── RECORD SET

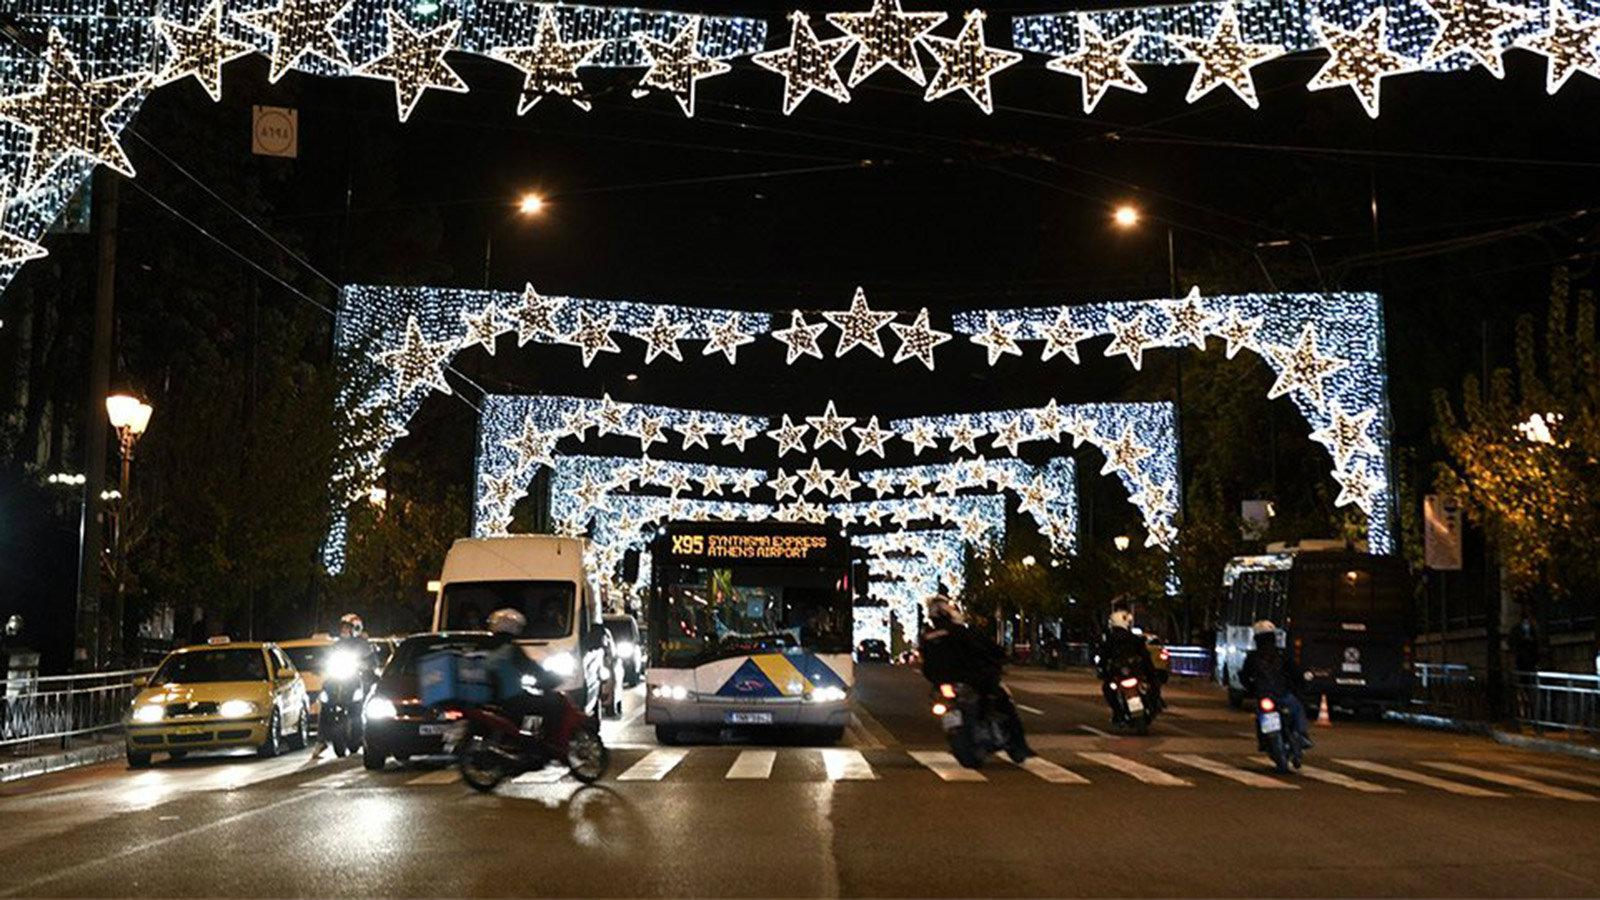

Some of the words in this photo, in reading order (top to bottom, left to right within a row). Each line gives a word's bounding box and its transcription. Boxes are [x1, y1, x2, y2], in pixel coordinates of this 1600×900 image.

[672, 535, 704, 555] X95
[708, 535, 770, 546] SYNTAGMA
[772, 536, 827, 548] EXPRESS
[708, 546, 754, 557] ATHENS
[757, 546, 808, 558] AIRPORT

────

**INSTRUCTIONS FOR THE TASK**
Your answer must be an exact transcription of the records above, minus the pictures.

**RESPONSE TO THIS EXERCISE**
Some of the words in this photo, in reading order (top to bottom, left to right within a row). Each line gives a word's bounding box and its transcription. Boxes are [x1, y1, x2, y2], in pixel coordinates of this 1600×900 image.

[672, 535, 704, 555] X95
[708, 535, 770, 546] SYNTAGMA
[772, 536, 827, 548] EXPRESS
[708, 546, 754, 557] ATHENS
[757, 546, 808, 558] AIRPORT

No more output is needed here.